__Task requirements__:
Restate every entry word for word.

__Source data__:
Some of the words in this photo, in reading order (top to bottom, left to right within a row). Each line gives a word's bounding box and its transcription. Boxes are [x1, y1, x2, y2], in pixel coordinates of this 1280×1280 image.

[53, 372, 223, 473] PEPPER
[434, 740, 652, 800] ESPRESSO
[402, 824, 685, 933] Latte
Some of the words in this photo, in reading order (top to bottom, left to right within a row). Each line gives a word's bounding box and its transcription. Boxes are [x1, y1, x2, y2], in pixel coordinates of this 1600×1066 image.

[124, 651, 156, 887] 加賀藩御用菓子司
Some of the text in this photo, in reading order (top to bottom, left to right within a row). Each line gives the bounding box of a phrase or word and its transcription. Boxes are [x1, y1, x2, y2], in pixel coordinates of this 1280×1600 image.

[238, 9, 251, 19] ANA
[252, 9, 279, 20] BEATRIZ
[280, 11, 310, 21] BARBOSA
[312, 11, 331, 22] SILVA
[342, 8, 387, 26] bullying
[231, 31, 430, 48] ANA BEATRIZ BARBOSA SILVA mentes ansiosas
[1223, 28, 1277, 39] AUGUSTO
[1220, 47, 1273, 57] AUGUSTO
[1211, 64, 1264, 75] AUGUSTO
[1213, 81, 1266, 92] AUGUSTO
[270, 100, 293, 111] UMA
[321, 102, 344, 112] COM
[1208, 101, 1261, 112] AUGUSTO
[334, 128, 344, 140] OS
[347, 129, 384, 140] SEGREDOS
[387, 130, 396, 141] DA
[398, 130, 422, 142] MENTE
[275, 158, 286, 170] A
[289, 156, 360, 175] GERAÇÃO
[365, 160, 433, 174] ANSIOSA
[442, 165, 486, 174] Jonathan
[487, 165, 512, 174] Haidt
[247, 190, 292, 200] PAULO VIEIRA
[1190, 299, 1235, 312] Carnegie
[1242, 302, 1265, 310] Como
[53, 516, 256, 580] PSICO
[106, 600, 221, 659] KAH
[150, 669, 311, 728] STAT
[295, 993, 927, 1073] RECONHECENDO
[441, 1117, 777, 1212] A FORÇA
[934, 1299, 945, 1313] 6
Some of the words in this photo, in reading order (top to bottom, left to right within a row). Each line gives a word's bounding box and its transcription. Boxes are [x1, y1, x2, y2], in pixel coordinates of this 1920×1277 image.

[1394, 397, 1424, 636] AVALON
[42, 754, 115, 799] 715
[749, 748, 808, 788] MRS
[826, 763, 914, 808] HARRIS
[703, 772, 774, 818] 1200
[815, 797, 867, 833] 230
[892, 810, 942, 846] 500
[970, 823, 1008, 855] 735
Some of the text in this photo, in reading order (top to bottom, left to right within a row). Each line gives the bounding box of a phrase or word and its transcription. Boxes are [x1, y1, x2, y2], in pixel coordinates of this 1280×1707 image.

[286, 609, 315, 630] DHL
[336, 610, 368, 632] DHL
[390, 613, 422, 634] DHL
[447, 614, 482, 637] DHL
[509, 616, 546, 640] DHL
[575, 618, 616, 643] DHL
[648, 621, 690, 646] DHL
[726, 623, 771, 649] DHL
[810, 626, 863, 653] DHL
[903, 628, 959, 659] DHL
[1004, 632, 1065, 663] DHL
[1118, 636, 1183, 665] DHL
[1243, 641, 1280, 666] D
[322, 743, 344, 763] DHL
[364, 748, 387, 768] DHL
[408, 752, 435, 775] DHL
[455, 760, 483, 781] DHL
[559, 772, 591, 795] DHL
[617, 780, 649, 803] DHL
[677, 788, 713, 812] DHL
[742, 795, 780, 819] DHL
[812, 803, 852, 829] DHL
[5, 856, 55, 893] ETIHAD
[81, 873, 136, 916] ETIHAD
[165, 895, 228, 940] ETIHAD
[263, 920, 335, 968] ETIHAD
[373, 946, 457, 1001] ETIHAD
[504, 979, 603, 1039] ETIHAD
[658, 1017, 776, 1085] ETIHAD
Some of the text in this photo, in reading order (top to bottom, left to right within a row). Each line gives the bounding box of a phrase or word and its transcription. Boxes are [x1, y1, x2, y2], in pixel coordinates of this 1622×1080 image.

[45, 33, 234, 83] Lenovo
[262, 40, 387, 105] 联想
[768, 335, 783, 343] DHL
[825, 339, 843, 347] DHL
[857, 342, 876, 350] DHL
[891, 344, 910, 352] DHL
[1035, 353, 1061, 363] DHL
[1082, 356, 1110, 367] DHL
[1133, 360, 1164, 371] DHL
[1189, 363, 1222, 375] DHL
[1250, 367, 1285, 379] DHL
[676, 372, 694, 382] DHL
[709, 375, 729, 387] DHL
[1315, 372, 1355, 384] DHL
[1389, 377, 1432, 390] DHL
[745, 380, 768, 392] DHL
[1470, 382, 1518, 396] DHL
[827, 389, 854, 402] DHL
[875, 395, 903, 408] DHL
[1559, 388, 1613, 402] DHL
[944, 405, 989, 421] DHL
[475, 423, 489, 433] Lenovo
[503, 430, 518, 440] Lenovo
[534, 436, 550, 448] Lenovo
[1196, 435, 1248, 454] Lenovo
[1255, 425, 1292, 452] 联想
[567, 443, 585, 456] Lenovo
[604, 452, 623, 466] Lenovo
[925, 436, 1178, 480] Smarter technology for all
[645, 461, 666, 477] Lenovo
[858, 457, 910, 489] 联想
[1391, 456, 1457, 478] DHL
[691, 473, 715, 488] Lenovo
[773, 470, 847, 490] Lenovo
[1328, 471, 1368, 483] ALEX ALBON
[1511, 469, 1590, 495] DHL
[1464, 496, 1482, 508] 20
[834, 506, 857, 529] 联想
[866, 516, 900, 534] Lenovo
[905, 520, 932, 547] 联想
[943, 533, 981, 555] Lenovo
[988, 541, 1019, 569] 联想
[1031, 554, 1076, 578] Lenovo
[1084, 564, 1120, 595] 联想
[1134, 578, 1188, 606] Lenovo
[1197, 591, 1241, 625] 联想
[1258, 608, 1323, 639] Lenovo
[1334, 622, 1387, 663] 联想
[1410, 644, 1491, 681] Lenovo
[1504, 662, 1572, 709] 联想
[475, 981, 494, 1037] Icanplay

__Response to the task__:
Some of the words in this photo, in reading order (top to bottom, left to right within a row). Each line gives a word's bounding box and its transcription. Boxes are [x1, y1, x2, y2], in pixel coordinates of this 1280×1280 image.

[53, 372, 223, 473] PEPPER
[434, 740, 652, 800] ESPRESSO
[402, 824, 685, 933] Latte
Some of the words in this photo, in reading order (top to bottom, left to right within a row). Each line gives a word's bounding box and its transcription. Boxes are [x1, y1, x2, y2], in pixel coordinates of this 1600×1066 image.

[124, 651, 156, 887] 加賀藩御用菓子司
Some of the text in this photo, in reading order (top to bottom, left to right within a row). Each line gives the bounding box of a phrase or word and its transcription. Boxes are [x1, y1, x2, y2], in pixel coordinates of this 1280×1600 image.

[238, 9, 251, 19] ANA
[252, 9, 279, 20] BEATRIZ
[280, 11, 310, 21] BARBOSA
[312, 11, 331, 22] SILVA
[342, 8, 387, 26] bullying
[231, 31, 430, 48] ANA BEATRIZ BARBOSA SILVA mentes ansiosas
[1223, 28, 1277, 39] AUGUSTO
[1220, 47, 1273, 57] AUGUSTO
[1211, 64, 1264, 75] AUGUSTO
[1213, 81, 1266, 92] AUGUSTO
[270, 100, 293, 111] UMA
[321, 102, 344, 112] COM
[1208, 101, 1261, 112] AUGUSTO
[334, 128, 344, 140] OS
[347, 129, 384, 140] SEGREDOS
[387, 130, 396, 141] DA
[398, 130, 422, 142] MENTE
[275, 158, 286, 170] A
[289, 156, 360, 175] GERAÇÃO
[365, 160, 433, 174] ANSIOSA
[442, 165, 486, 174] Jonathan
[487, 165, 512, 174] Haidt
[247, 190, 292, 200] PAULO VIEIRA
[1190, 299, 1235, 312] Carnegie
[1242, 302, 1265, 310] Como
[53, 516, 256, 580] PSICO
[106, 600, 221, 659] KAH
[150, 669, 311, 728] STAT
[295, 993, 927, 1073] RECONHECENDO
[441, 1117, 777, 1212] A FORÇA
[934, 1299, 945, 1313] 6
Some of the words in this photo, in reading order (top to bottom, left to right within a row). Each line gives a word's bounding box and its transcription. Boxes are [x1, y1, x2, y2], in pixel coordinates of this 1920×1277 image.

[1394, 397, 1424, 636] AVALON
[42, 754, 115, 799] 715
[749, 748, 808, 788] MRS
[826, 763, 914, 808] HARRIS
[703, 772, 774, 818] 1200
[815, 797, 867, 833] 230
[892, 810, 942, 846] 500
[970, 823, 1008, 855] 735
Some of the text in this photo, in reading order (top to bottom, left to right within a row). Each line gives the bounding box of a phrase or word and its transcription. Boxes are [x1, y1, x2, y2], in pixel coordinates of this 1280×1707 image.

[286, 609, 315, 630] DHL
[336, 610, 368, 632] DHL
[390, 613, 422, 634] DHL
[447, 614, 482, 637] DHL
[509, 616, 546, 640] DHL
[575, 618, 616, 643] DHL
[648, 621, 690, 646] DHL
[726, 623, 771, 649] DHL
[810, 626, 863, 653] DHL
[903, 628, 959, 659] DHL
[1004, 632, 1065, 663] DHL
[1118, 636, 1183, 665] DHL
[1243, 641, 1280, 666] D
[322, 743, 344, 763] DHL
[364, 748, 387, 768] DHL
[408, 752, 435, 775] DHL
[455, 760, 483, 781] DHL
[559, 772, 591, 795] DHL
[617, 780, 649, 803] DHL
[677, 788, 713, 812] DHL
[742, 795, 780, 819] DHL
[812, 803, 852, 829] DHL
[5, 856, 55, 893] ETIHAD
[81, 873, 136, 916] ETIHAD
[165, 895, 228, 940] ETIHAD
[263, 920, 335, 968] ETIHAD
[373, 946, 457, 1001] ETIHAD
[504, 979, 603, 1039] ETIHAD
[658, 1017, 776, 1085] ETIHAD
Some of the text in this photo, in reading order (top to bottom, left to right within a row). Each line gives the bounding box of a phrase or word and its transcription. Boxes are [x1, y1, x2, y2], in pixel coordinates of this 1622×1080 image.

[45, 33, 234, 83] Lenovo
[262, 40, 387, 105] 联想
[768, 335, 783, 343] DHL
[825, 339, 843, 347] DHL
[857, 342, 876, 350] DHL
[891, 344, 910, 352] DHL
[1035, 353, 1061, 363] DHL
[1082, 356, 1110, 367] DHL
[1133, 360, 1164, 371] DHL
[1189, 363, 1222, 375] DHL
[1250, 367, 1285, 379] DHL
[676, 372, 694, 382] DHL
[709, 375, 729, 387] DHL
[1315, 372, 1355, 384] DHL
[1389, 377, 1432, 390] DHL
[745, 380, 768, 392] DHL
[1470, 382, 1518, 396] DHL
[827, 389, 854, 402] DHL
[875, 395, 903, 408] DHL
[1559, 388, 1613, 402] DHL
[944, 405, 989, 421] DHL
[475, 423, 489, 433] Lenovo
[503, 430, 518, 440] Lenovo
[534, 436, 550, 448] Lenovo
[1196, 435, 1248, 454] Lenovo
[1255, 425, 1292, 452] 联想
[567, 443, 585, 456] Lenovo
[604, 452, 623, 466] Lenovo
[925, 436, 1178, 480] Smarter technology for all
[645, 461, 666, 477] Lenovo
[858, 457, 910, 489] 联想
[1391, 456, 1457, 478] DHL
[691, 473, 715, 488] Lenovo
[773, 470, 847, 490] Lenovo
[1328, 471, 1368, 483] ALEX ALBON
[1511, 469, 1590, 495] DHL
[1464, 496, 1482, 508] 20
[834, 506, 857, 529] 联想
[866, 516, 900, 534] Lenovo
[905, 520, 932, 547] 联想
[943, 533, 981, 555] Lenovo
[988, 541, 1019, 569] 联想
[1031, 554, 1076, 578] Lenovo
[1084, 564, 1120, 595] 联想
[1134, 578, 1188, 606] Lenovo
[1197, 591, 1241, 625] 联想
[1258, 608, 1323, 639] Lenovo
[1334, 622, 1387, 663] 联想
[1410, 644, 1491, 681] Lenovo
[1504, 662, 1572, 709] 联想
[475, 981, 494, 1037] Icanplay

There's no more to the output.